Measurement of electron temperature and density of atmospheric-pressure non-equilibrium argon plasma examined with optical emission spectroscopy

The electron temperature T-e and density N-e of atmospheric-pressure non-equilibrium dielectric barrier discharge argon (Ar) plasma are measured with optical emission spectroscopy. Continuum emission due to bremsstrahlung is applied to the analysis of the electron temperature and density with the spectrometric system in the visible wavelength range calibrated absolutely. The assumption of the Maxwellian electron energy distribution function (EEDF) results in T-e 0.29 eV and N-e 1.1 x 10(16) cm(-3), whereas the Druyvesteyn EEDF leads to the result T-e 0.79 eV and N-e 1.4 x 10(14) cm(-3). To confirm the validity of these values, several line intensities of the excited states of the Ar atom are observed experimentally and compared with the theoretical population densities calculated by the Ar collisional-radiative (CR) model that includes atomic collisional processes.

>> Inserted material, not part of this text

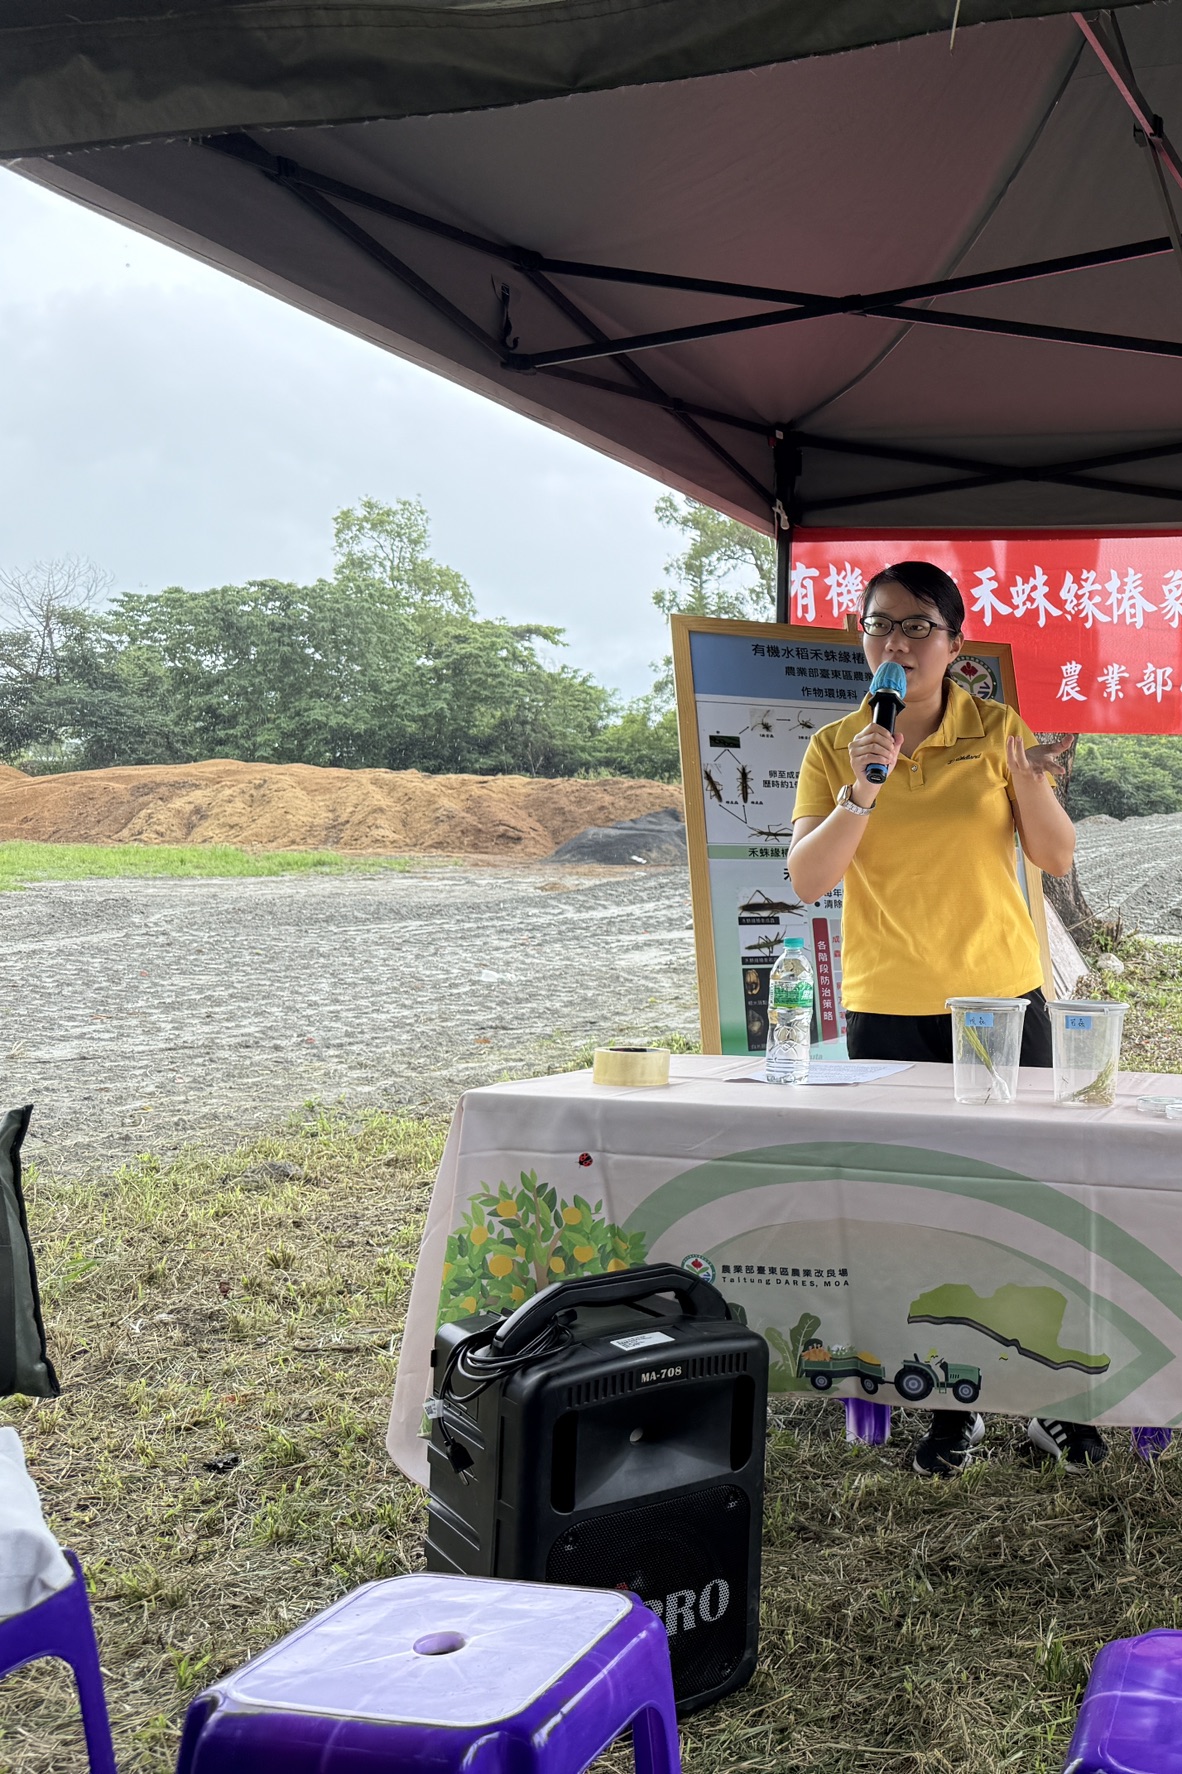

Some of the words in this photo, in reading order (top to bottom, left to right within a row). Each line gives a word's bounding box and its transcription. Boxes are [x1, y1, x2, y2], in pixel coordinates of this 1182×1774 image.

It is confirmed that the order of the observed excited-state number densities agrees well with that calculated numerically by the CR model with the Druyvesteyn EEDF, while the Maxwellian EEDF gives poor results. (c) 2021 The Japan Society of Applied Physics

Automated summary

The electron temperature and density of atmospheric-pressure non-equilibrium dielectric barrier discharge argon plasma were measured using optical emission spectroscopy. The results show that the electron energy distribution function significantly affects the accuracy of the measurements, with the Druyvesteyn EEDF producing better results compared to the Maxwellian EEDF. Additionally, experimental observations of excited state line intensities of the Ar atom confirmed the validity of the values obtained from the CR model calculations.